Payers: High-deductible health plans don't drive positive consumer behavior
Only 3.4% of respondents to a study conducted by Change Healthcare identified high-deductible health plans as the best approach for turning passive patients into active healthcare consumers.
Instead, more than a quarter (25.4%) of respondents said incentives such as lower premiums or bonuses for activities such as participating in an exercise program are the best ways to drive positive behavioral change.
Establishing patient partnerships (23.7%), promoting healthcare literacy (14.1%), leveraging health risk management and programs (12.4%), using gamification software (8.5%), and offering price transparency tools (7.9%) all ranked above offering high-deductible health plans.
The results are not altogether unsurprising: research has suggested that rather than encouraging patients to shop for treatment, high-deductible plans cause them to delay care or avoid it altogether.
Change Healthcare conducted the survey late last year. It was open to 2,000 of its customers, who range from national to regional payers, members of the HealthCare Executive Group and the Health Plan Alliance, as well as healthcare leaders working at vendors, in government, or in academia.
Eighty percent of respondents said they are working to adopt value-based healthcare. They also identified obstacles to achieving value-based reimbursements, including a lack of healthcare IT systems, resistance to change from physicians, and confusion about payment models and risk management.

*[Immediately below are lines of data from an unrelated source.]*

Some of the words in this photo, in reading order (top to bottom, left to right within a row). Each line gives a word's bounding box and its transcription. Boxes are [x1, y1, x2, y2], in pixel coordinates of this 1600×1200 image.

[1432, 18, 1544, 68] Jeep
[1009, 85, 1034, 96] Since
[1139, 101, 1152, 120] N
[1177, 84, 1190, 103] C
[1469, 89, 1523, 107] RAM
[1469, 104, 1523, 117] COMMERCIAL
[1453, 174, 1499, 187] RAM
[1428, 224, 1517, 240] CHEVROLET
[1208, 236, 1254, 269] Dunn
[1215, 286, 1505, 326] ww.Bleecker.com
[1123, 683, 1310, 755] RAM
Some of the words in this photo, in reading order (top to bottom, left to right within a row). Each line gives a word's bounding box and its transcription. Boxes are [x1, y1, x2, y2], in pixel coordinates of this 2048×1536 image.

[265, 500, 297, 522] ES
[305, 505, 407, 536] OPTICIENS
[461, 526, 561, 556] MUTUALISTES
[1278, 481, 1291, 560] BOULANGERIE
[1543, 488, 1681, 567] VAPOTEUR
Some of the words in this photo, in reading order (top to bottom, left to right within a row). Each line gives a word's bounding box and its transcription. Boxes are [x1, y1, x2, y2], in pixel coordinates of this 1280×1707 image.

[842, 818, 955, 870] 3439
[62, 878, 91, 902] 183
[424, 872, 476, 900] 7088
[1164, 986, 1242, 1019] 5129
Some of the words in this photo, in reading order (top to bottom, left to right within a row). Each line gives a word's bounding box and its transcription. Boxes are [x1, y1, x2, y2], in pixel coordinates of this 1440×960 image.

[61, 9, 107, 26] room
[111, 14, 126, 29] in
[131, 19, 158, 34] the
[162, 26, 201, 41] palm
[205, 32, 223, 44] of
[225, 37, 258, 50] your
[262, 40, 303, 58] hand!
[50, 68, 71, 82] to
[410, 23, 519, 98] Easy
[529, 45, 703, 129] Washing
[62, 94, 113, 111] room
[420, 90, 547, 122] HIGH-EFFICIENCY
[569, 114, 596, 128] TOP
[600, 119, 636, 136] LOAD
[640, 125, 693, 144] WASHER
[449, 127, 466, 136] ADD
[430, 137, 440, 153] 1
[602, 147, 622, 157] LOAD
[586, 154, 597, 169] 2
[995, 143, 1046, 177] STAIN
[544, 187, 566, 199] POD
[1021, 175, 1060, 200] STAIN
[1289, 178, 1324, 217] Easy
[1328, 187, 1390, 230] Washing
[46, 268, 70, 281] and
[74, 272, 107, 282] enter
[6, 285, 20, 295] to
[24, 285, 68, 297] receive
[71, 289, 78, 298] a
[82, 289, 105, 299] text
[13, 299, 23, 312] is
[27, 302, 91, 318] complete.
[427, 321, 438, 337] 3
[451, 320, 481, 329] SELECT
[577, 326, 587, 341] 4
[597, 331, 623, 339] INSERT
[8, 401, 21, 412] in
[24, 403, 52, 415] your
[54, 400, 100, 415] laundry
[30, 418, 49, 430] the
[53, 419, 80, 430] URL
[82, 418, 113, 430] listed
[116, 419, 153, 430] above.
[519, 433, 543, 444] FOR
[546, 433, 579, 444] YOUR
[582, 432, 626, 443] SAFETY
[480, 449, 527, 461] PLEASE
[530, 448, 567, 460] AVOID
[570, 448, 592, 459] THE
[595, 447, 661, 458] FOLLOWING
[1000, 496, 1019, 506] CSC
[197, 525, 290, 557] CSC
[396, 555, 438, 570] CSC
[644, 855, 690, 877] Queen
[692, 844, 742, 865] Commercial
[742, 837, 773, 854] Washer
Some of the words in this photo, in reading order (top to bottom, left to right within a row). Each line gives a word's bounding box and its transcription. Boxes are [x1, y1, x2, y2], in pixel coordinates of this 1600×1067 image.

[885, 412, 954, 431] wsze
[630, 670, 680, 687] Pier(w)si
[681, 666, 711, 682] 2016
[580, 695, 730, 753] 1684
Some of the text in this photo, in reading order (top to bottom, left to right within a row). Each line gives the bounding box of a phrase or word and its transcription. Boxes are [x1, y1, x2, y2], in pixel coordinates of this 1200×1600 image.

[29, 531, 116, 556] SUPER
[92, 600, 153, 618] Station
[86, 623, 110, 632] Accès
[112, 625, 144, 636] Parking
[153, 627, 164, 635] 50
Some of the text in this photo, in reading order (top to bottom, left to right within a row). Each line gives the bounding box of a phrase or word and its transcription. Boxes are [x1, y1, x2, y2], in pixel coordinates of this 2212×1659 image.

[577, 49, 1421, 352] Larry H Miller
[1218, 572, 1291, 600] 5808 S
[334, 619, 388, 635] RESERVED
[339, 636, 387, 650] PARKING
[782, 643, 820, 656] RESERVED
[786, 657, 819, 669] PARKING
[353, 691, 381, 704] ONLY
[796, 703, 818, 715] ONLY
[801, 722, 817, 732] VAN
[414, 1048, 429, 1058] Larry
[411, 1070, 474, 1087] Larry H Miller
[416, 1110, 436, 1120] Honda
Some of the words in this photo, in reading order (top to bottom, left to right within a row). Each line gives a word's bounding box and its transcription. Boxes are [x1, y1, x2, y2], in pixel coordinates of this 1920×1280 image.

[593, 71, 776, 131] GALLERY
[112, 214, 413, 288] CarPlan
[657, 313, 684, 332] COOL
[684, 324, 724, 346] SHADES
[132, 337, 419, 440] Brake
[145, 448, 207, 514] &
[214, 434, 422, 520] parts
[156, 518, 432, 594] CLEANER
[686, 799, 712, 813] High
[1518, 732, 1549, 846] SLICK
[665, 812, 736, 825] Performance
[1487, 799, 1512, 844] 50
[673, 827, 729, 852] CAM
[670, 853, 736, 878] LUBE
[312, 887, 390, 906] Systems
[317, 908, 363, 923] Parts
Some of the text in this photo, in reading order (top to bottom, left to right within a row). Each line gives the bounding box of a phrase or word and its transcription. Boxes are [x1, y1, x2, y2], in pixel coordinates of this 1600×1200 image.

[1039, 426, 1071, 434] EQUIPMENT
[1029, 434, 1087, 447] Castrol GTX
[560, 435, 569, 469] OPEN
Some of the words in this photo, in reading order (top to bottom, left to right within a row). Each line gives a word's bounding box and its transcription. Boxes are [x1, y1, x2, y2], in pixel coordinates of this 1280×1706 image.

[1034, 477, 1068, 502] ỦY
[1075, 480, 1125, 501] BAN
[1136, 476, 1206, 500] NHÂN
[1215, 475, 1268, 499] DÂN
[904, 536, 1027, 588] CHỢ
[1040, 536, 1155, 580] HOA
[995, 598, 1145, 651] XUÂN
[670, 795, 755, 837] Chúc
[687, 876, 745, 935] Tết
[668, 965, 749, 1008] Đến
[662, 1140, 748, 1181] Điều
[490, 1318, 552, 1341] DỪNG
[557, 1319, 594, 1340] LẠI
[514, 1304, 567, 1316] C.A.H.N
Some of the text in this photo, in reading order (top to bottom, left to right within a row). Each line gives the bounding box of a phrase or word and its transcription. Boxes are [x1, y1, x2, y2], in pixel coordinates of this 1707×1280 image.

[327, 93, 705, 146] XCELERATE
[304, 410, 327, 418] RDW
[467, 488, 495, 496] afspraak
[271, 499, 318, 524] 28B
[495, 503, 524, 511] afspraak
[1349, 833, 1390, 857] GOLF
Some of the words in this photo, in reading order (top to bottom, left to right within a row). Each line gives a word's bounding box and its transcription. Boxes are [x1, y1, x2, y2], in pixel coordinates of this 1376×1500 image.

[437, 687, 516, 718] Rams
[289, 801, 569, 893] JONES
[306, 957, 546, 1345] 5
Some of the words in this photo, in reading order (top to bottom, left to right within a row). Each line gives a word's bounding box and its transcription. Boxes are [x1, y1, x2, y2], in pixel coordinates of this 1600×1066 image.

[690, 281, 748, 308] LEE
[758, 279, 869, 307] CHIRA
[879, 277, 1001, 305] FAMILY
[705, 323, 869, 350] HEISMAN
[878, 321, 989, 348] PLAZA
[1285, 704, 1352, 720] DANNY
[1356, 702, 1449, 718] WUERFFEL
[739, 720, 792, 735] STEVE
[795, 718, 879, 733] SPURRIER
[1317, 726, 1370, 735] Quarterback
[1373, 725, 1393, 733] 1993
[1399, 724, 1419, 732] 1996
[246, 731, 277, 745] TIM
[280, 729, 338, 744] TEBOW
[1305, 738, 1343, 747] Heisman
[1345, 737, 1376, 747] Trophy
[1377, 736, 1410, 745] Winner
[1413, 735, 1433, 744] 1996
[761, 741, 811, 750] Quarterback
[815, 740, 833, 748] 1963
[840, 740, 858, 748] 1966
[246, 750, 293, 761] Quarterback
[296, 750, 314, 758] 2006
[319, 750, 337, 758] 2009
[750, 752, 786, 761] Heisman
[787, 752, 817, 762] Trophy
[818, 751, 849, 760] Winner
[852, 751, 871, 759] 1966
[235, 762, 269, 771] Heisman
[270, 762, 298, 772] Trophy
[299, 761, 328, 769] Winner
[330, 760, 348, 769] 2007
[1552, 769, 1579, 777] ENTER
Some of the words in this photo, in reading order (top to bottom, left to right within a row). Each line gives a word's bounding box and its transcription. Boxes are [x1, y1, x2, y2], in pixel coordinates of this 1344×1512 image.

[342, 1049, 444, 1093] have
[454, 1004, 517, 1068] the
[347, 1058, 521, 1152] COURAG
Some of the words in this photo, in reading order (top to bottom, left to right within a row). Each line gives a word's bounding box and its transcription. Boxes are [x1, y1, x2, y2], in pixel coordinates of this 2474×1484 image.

Fifty percent said concerns about security and privacy are the main issues facing the adoption of digital health tools. Fifty-one percent use social media as an engagement tool, but traditional marketing techniques such as surveys and focus groups remain the industry standard (71% and 56%, respectively).
Sixty-three percent said clinical data integration plays the most important role in driving administrative cost efficiencies, according to the report.